Stored data entries —
....
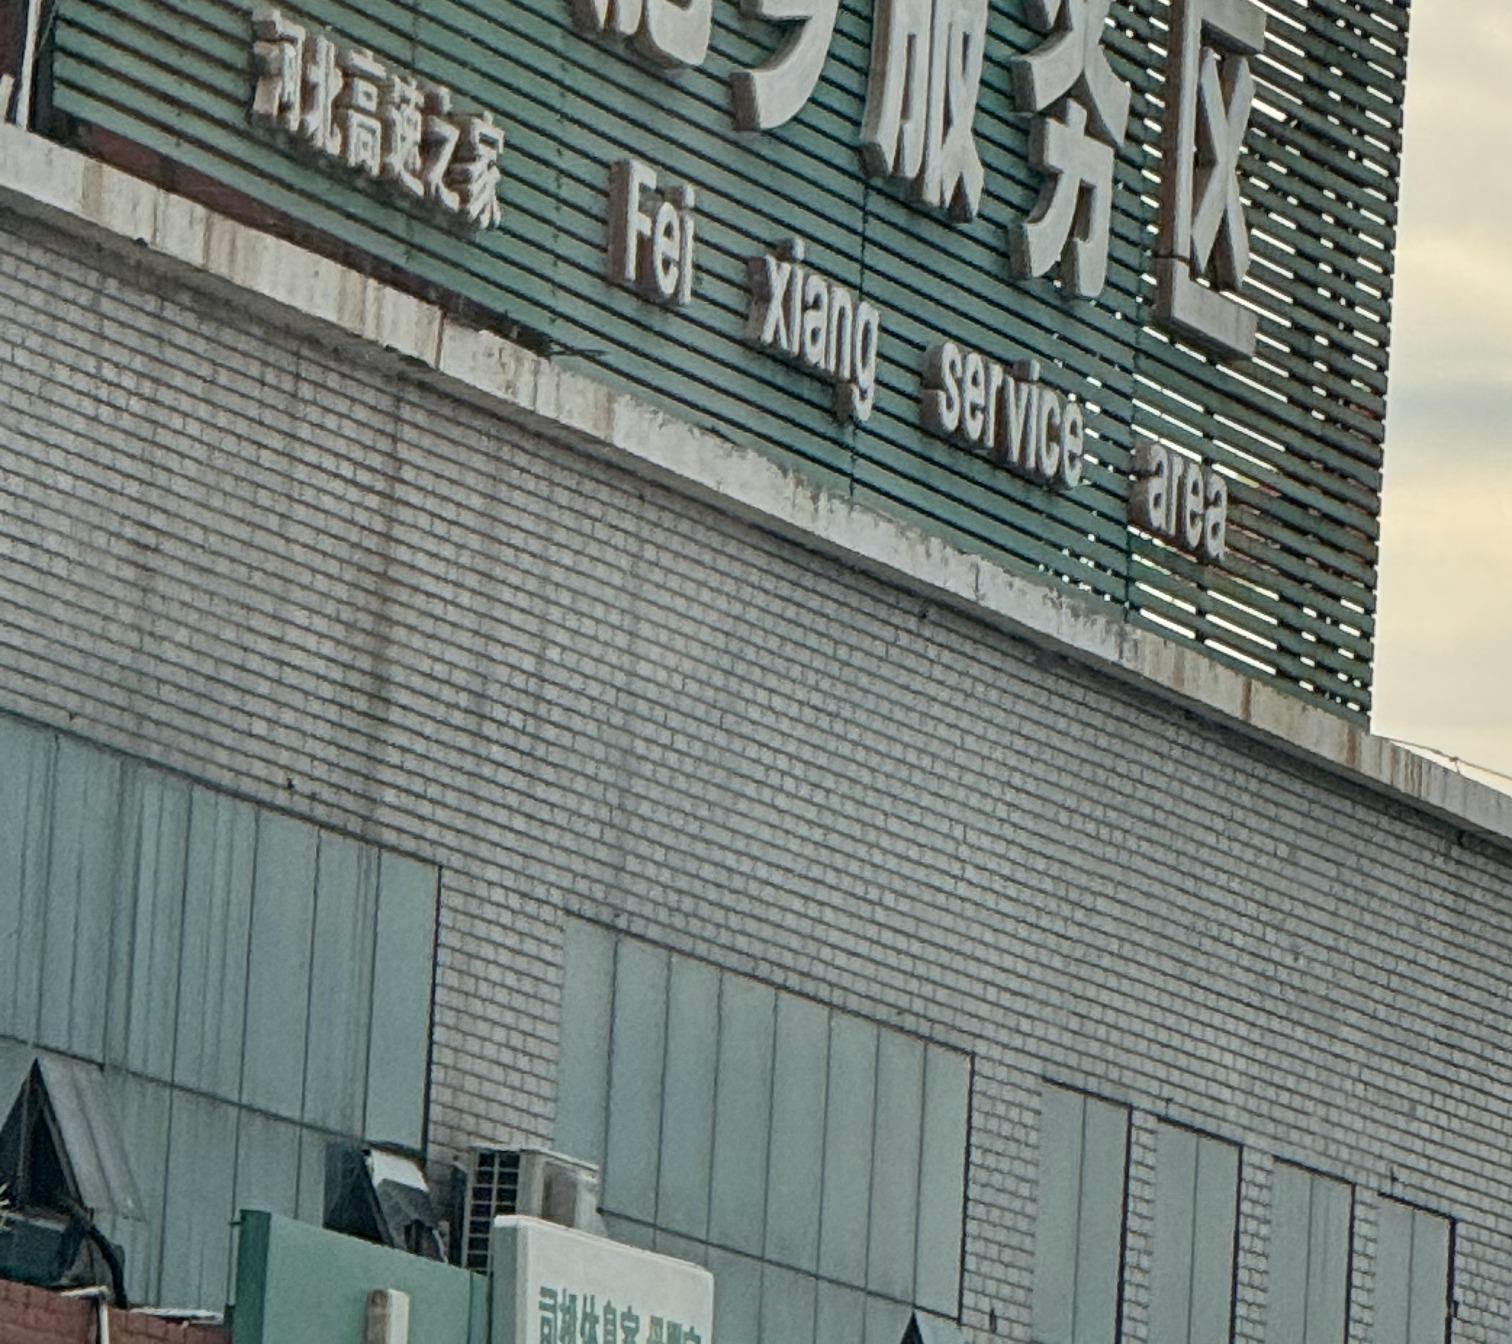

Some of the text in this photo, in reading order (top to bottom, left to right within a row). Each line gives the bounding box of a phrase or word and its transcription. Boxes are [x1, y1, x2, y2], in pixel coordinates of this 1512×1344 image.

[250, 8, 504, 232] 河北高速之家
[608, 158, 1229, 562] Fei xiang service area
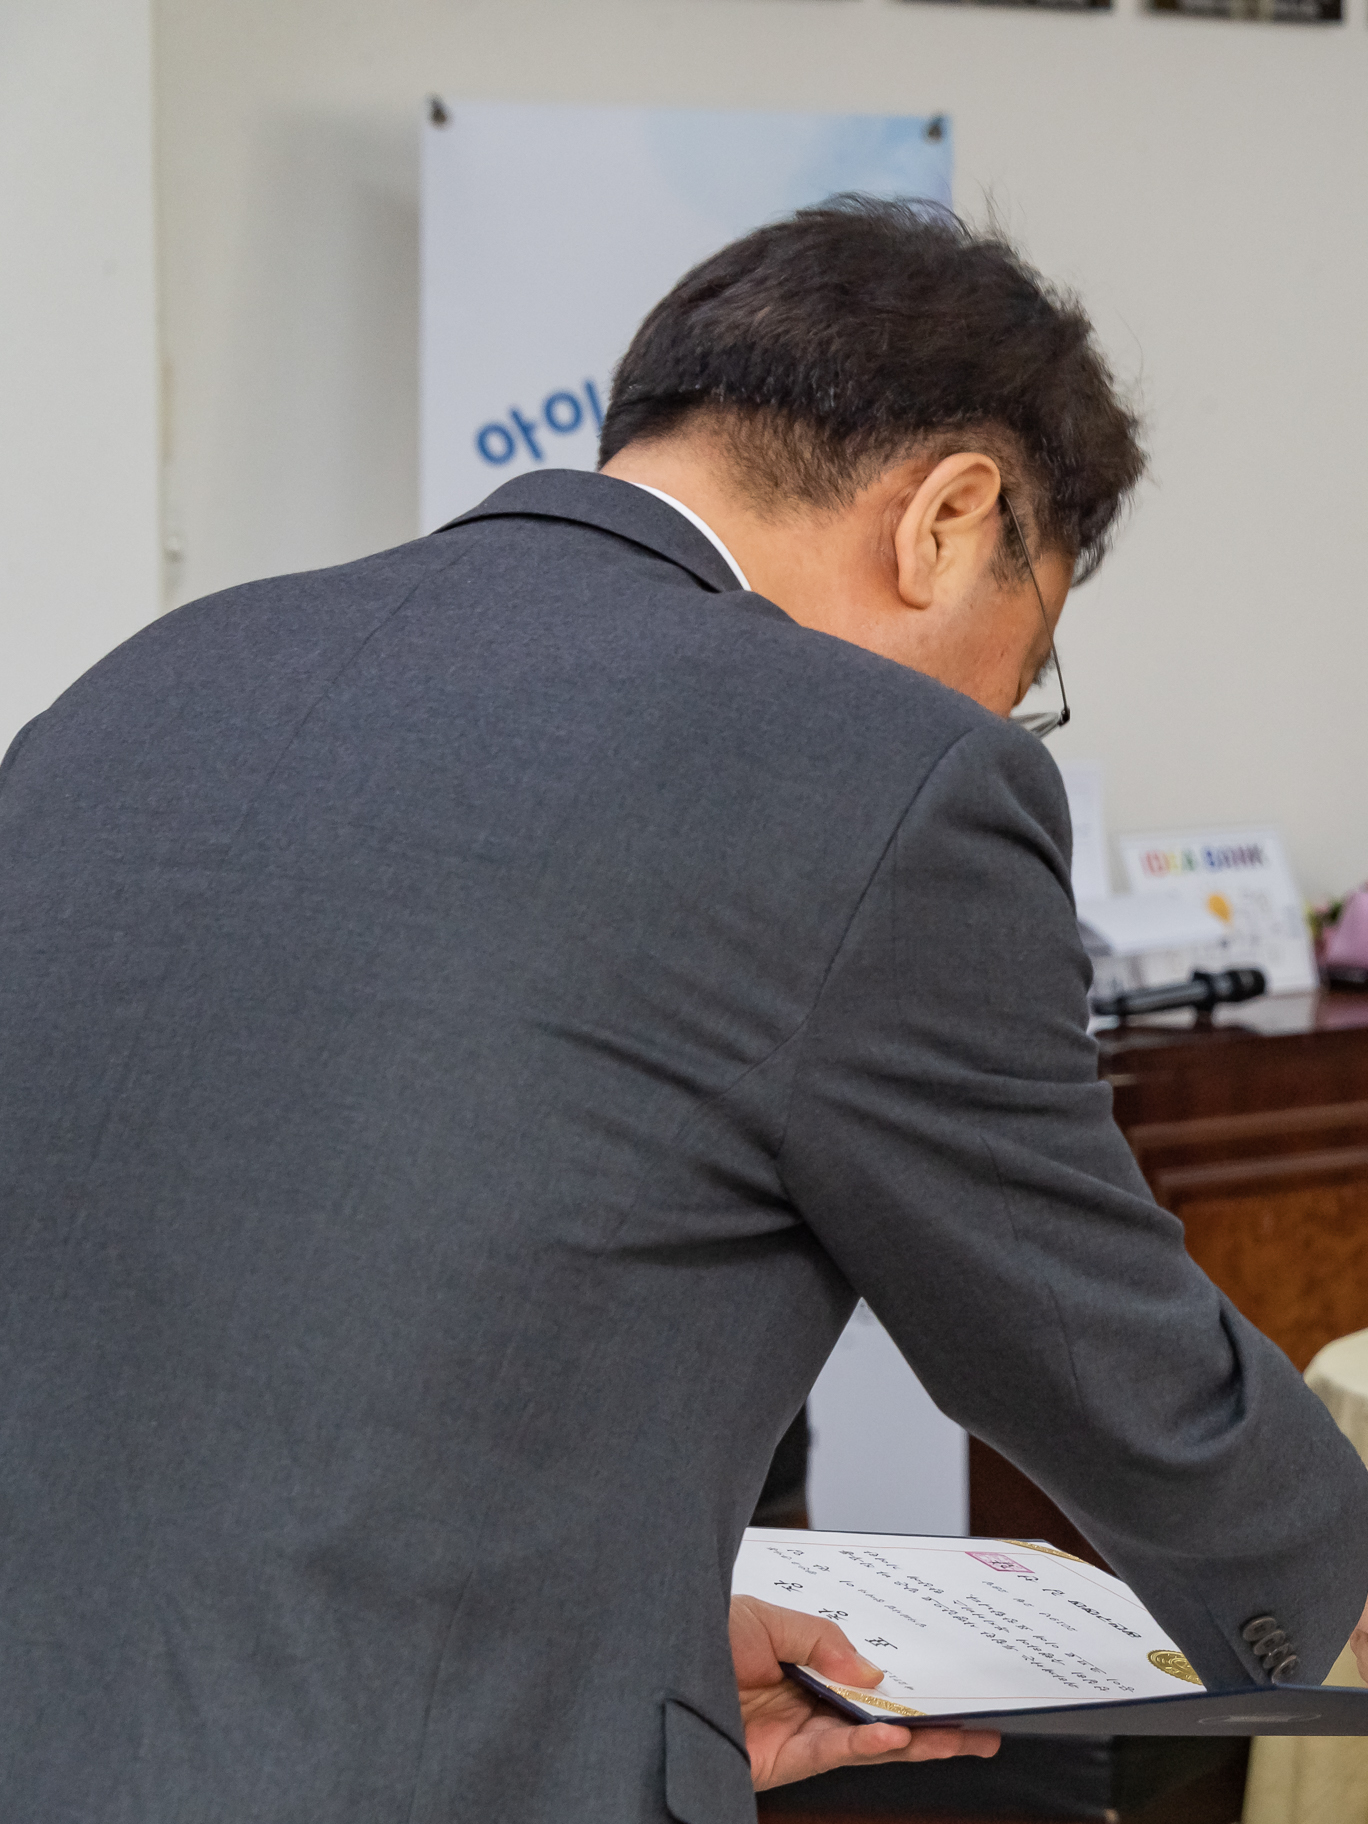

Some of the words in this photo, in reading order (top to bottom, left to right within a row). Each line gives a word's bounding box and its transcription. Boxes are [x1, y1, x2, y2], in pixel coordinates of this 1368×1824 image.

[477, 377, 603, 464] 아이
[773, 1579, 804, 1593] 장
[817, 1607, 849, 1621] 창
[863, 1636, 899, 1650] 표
....
To do — Here the job is to print all the entries above exactly, minus the images.

Output below —
Some of the text in this photo, in reading order (top to bottom, left to right within a row). Each line gives the bounding box of a phrase or word and its transcription. Boxes are [x1, y1, x2, y2], in pixel coordinates of this 1512×1344 image.

[250, 8, 504, 232] 河北高速之家
[608, 158, 1229, 562] Fei xiang service area

Some of the words in this photo, in reading order (top to bottom, left to right within a row). Each line gives a word's bounding box and its transcription. Boxes are [x1, y1, x2, y2], in pixel coordinates of this 1368×1824 image.

[477, 377, 603, 464] 아이
[773, 1579, 804, 1593] 장
[817, 1607, 849, 1621] 창
[863, 1636, 899, 1650] 표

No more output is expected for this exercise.